### Data for this exercise:
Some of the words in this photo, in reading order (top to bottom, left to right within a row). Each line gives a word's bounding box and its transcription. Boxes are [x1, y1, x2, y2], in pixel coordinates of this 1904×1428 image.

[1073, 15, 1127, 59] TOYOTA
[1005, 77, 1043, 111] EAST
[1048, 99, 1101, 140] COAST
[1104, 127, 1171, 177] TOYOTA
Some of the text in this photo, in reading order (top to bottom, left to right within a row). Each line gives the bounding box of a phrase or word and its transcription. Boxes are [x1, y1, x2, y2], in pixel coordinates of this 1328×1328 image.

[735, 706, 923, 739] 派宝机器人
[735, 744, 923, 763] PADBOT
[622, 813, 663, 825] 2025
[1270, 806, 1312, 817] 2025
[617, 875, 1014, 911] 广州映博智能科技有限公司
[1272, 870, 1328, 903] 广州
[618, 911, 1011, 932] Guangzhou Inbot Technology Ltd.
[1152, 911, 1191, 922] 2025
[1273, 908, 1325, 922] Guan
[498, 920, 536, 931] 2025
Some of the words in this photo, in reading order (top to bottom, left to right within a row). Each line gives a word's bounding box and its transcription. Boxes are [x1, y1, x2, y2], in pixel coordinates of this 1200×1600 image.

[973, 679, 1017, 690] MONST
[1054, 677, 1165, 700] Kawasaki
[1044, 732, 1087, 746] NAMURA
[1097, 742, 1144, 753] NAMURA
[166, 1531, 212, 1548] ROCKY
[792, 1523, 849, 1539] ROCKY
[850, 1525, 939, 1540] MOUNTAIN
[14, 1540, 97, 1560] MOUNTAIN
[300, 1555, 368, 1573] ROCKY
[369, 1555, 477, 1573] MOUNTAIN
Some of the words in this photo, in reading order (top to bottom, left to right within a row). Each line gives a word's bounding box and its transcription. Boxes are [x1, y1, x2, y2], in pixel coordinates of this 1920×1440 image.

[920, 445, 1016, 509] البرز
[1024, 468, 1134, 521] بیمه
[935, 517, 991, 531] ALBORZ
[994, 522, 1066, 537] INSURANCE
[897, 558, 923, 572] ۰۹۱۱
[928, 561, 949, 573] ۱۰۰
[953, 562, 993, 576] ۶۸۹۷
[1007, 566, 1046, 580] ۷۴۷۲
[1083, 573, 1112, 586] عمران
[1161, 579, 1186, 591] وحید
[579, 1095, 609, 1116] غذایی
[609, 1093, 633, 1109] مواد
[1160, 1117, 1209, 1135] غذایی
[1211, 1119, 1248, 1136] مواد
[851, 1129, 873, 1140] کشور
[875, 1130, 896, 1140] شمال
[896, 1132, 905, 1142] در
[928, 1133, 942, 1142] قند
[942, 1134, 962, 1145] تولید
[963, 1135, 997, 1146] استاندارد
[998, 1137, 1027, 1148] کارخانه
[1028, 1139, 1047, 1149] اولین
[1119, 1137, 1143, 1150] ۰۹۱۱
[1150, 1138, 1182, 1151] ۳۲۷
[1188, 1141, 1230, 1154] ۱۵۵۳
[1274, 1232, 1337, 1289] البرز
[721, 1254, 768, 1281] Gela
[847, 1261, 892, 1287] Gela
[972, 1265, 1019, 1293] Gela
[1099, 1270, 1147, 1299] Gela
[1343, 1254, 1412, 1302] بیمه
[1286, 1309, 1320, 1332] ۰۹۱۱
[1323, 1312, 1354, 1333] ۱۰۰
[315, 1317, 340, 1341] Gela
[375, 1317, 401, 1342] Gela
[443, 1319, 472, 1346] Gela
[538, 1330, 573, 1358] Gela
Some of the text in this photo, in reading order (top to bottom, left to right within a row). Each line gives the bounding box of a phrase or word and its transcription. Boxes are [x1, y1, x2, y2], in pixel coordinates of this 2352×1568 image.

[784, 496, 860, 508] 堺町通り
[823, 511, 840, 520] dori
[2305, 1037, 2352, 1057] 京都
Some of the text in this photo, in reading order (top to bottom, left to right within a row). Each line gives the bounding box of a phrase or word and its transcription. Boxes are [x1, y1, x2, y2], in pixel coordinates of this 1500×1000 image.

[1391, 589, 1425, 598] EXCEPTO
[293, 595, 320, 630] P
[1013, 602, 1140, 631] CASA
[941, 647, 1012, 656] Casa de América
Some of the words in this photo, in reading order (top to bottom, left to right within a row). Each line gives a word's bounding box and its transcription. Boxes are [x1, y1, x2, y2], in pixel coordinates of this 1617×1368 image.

### Task to carry out:
Give back each entry above precisely as it was written.

### Answer for the task:
Some of the words in this photo, in reading order (top to bottom, left to right within a row). Each line gives a word's bounding box and its transcription. Boxes are [x1, y1, x2, y2], in pixel coordinates of this 1904×1428 image.

[1073, 15, 1127, 59] TOYOTA
[1005, 77, 1043, 111] EAST
[1048, 99, 1101, 140] COAST
[1104, 127, 1171, 177] TOYOTA
Some of the text in this photo, in reading order (top to bottom, left to right within a row). Each line gives the bounding box of a phrase or word and its transcription. Boxes are [x1, y1, x2, y2], in pixel coordinates of this 1328×1328 image.

[735, 706, 923, 739] 派宝机器人
[735, 744, 923, 763] PADBOT
[622, 813, 663, 825] 2025
[1270, 806, 1312, 817] 2025
[617, 875, 1014, 911] 广州映博智能科技有限公司
[1272, 870, 1328, 903] 广州
[618, 911, 1011, 932] Guangzhou Inbot Technology Ltd.
[1152, 911, 1191, 922] 2025
[1273, 908, 1325, 922] Guan
[498, 920, 536, 931] 2025
Some of the words in this photo, in reading order (top to bottom, left to right within a row). Each line gives a word's bounding box and its transcription. Boxes are [x1, y1, x2, y2], in pixel coordinates of this 1200×1600 image.

[973, 679, 1017, 690] MONST
[1054, 677, 1165, 700] Kawasaki
[1044, 732, 1087, 746] NAMURA
[1097, 742, 1144, 753] NAMURA
[166, 1531, 212, 1548] ROCKY
[792, 1523, 849, 1539] ROCKY
[850, 1525, 939, 1540] MOUNTAIN
[14, 1540, 97, 1560] MOUNTAIN
[300, 1555, 368, 1573] ROCKY
[369, 1555, 477, 1573] MOUNTAIN
Some of the words in this photo, in reading order (top to bottom, left to right within a row). Each line gives a word's bounding box and its transcription. Boxes are [x1, y1, x2, y2], in pixel coordinates of this 1920×1440 image.

[920, 445, 1016, 509] البرز
[1024, 468, 1134, 521] بیمه
[935, 517, 991, 531] ALBORZ
[994, 522, 1066, 537] INSURANCE
[897, 558, 923, 572] ۰۹۱۱
[928, 561, 949, 573] ۱۰۰
[953, 562, 993, 576] ۶۸۹۷
[1007, 566, 1046, 580] ۷۴۷۲
[1083, 573, 1112, 586] عمران
[1161, 579, 1186, 591] وحید
[579, 1095, 609, 1116] غذایی
[609, 1093, 633, 1109] مواد
[1160, 1117, 1209, 1135] غذایی
[1211, 1119, 1248, 1136] مواد
[851, 1129, 873, 1140] کشور
[875, 1130, 896, 1140] شمال
[896, 1132, 905, 1142] در
[928, 1133, 942, 1142] قند
[942, 1134, 962, 1145] تولید
[963, 1135, 997, 1146] استاندارد
[998, 1137, 1027, 1148] کارخانه
[1028, 1139, 1047, 1149] اولین
[1119, 1137, 1143, 1150] ۰۹۱۱
[1150, 1138, 1182, 1151] ۳۲۷
[1188, 1141, 1230, 1154] ۱۵۵۳
[1274, 1232, 1337, 1289] البرز
[721, 1254, 768, 1281] Gela
[847, 1261, 892, 1287] Gela
[972, 1265, 1019, 1293] Gela
[1099, 1270, 1147, 1299] Gela
[1343, 1254, 1412, 1302] بیمه
[1286, 1309, 1320, 1332] ۰۹۱۱
[1323, 1312, 1354, 1333] ۱۰۰
[315, 1317, 340, 1341] Gela
[375, 1317, 401, 1342] Gela
[443, 1319, 472, 1346] Gela
[538, 1330, 573, 1358] Gela
Some of the text in this photo, in reading order (top to bottom, left to right within a row). Each line gives the bounding box of a phrase or word and its transcription. Boxes are [x1, y1, x2, y2], in pixel coordinates of this 2352×1568 image.

[784, 496, 860, 508] 堺町通り
[823, 511, 840, 520] dori
[2305, 1037, 2352, 1057] 京都
Some of the text in this photo, in reading order (top to bottom, left to right within a row). Each line gives the bounding box of a phrase or word and its transcription. Boxes are [x1, y1, x2, y2], in pixel coordinates of this 1500×1000 image.

[1391, 589, 1425, 598] EXCEPTO
[293, 595, 320, 630] P
[1013, 602, 1140, 631] CASA
[941, 647, 1012, 656] Casa de América
Some of the words in this photo, in reading order (top to bottom, left to right within a row). Each line gives a word's bounding box and its transcription. Boxes are [x1, y1, x2, y2], in pixel coordinates of this 1617×1368 image.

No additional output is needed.